Task goal - Since only the words are wanted, reproduce every entry exactly and leave the images behind.

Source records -
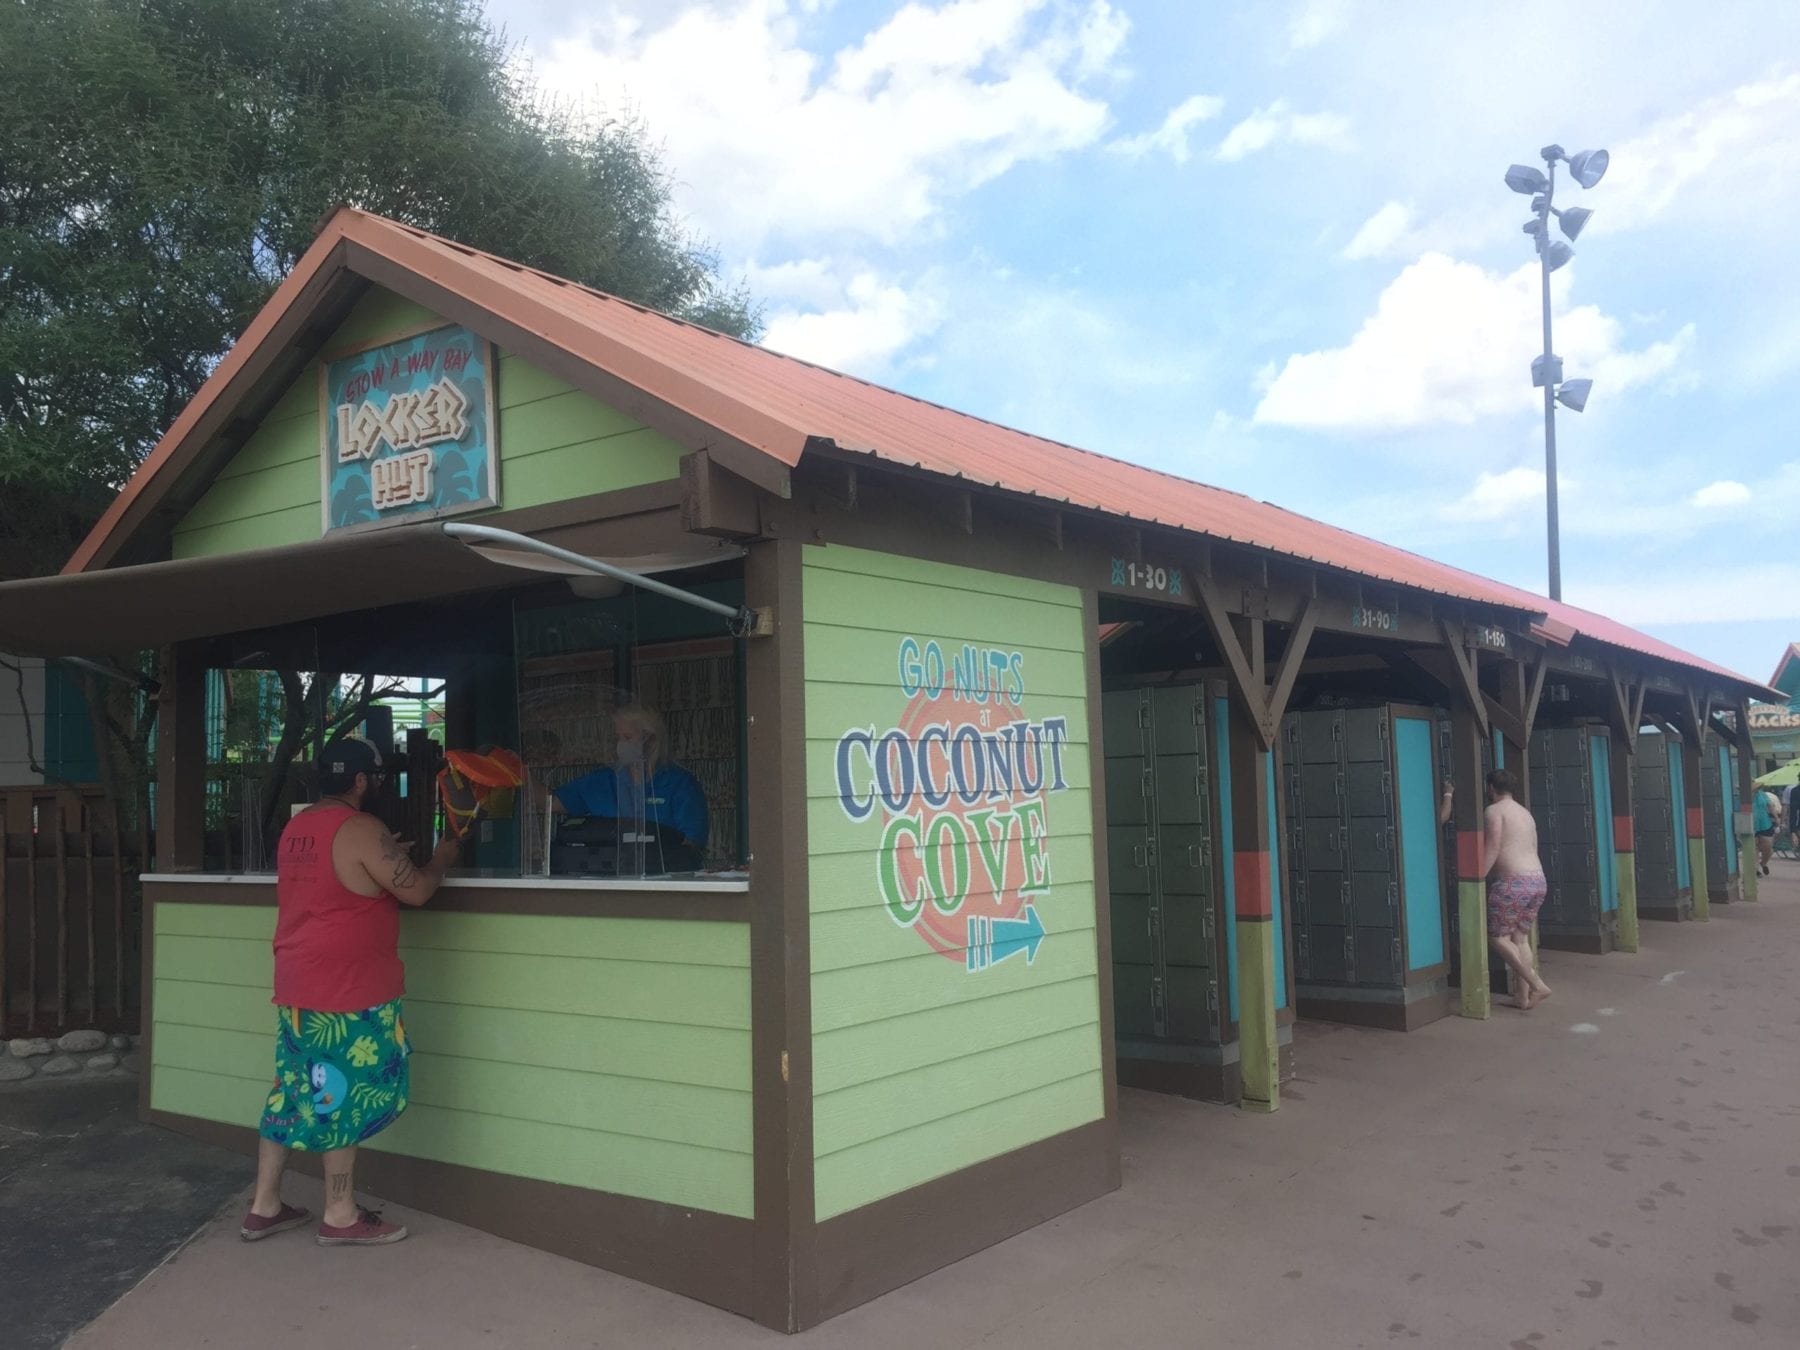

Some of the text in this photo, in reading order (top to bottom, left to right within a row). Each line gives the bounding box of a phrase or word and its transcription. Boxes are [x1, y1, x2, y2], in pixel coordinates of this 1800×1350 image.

[346, 347, 472, 403] STOW A WAY BAY
[339, 378, 468, 461] LOCKER
[373, 450, 432, 507] HUT
[1127, 562, 1167, 591] 1-30
[1361, 607, 1390, 630] 31-90
[898, 637, 1024, 705] GO NUTS
[834, 716, 1069, 823] COCONUT
[876, 799, 1051, 928] COVE

Task result -
Some of the text in this photo, in reading order (top to bottom, left to right within a row). Each line gives the bounding box of a phrase or word and its transcription. Boxes are [x1, y1, x2, y2], in pixel coordinates of this 1800×1350 image.

[346, 347, 472, 403] STOW A WAY BAY
[339, 378, 468, 461] LOCKER
[373, 450, 432, 507] HUT
[1127, 562, 1167, 591] 1-30
[1361, 607, 1390, 630] 31-90
[898, 637, 1024, 705] GO NUTS
[834, 716, 1069, 823] COCONUT
[876, 799, 1051, 928] COVE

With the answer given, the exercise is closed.